=== RECORD EXTRACTS ===
== Segment start ==

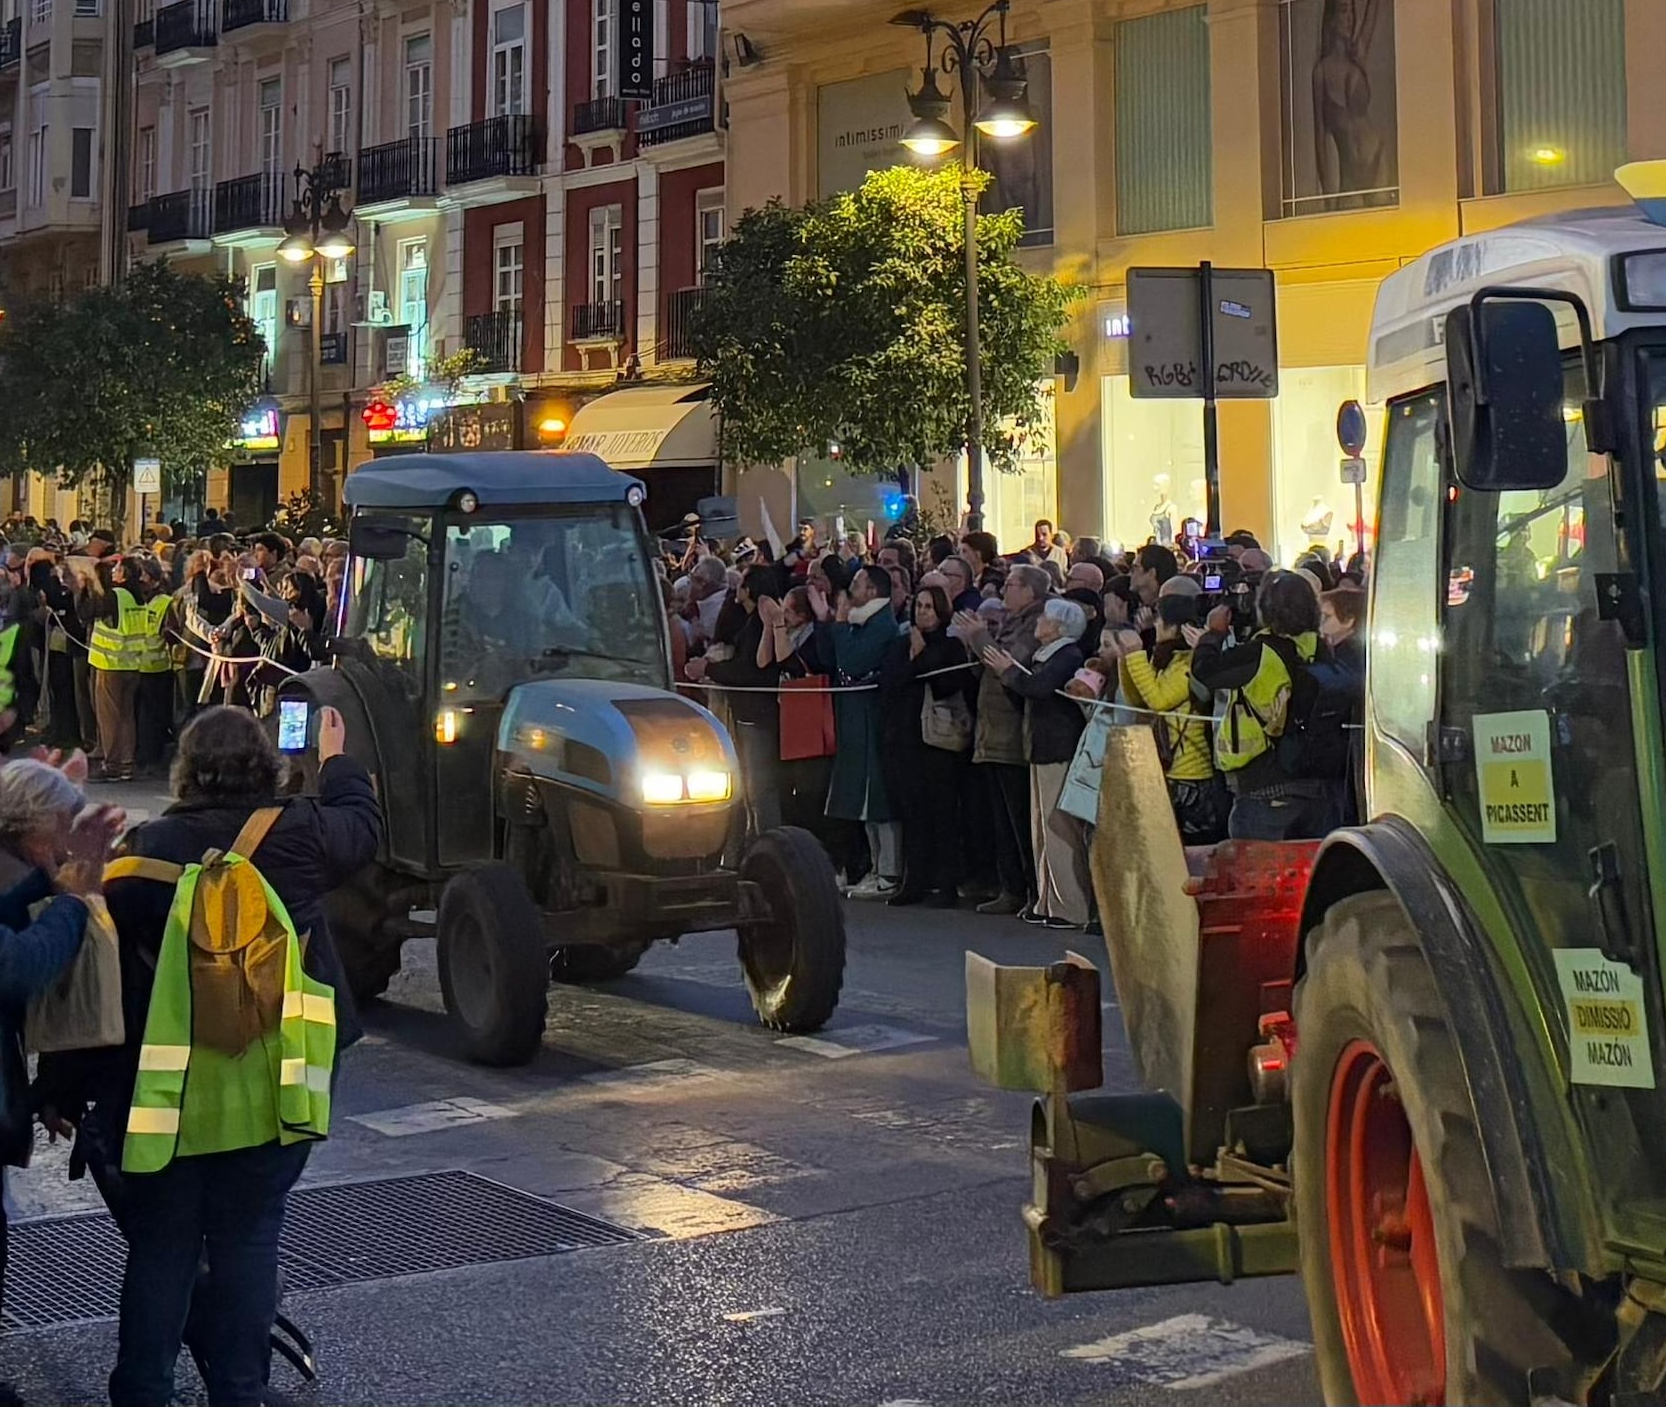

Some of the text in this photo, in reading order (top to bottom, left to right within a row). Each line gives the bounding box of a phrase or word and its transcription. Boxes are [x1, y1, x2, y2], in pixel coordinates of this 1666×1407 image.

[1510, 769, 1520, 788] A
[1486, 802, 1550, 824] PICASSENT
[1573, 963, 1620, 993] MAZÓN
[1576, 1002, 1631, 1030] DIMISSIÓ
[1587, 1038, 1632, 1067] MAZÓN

== Segment end ==

=== AIM OF THE TASK ===
Omit every picture while copying the listing above exactly.

=== YOUR SOLUTION ===
Some of the text in this photo, in reading order (top to bottom, left to right within a row). Each line gives the bounding box of a phrase or word and its transcription. Boxes are [x1, y1, x2, y2], in pixel coordinates of this 1666×1407 image.

[1510, 769, 1520, 788] A
[1486, 802, 1550, 824] PICASSENT
[1573, 963, 1620, 993] MAZÓN
[1576, 1002, 1631, 1030] DIMISSIÓ
[1587, 1038, 1632, 1067] MAZÓN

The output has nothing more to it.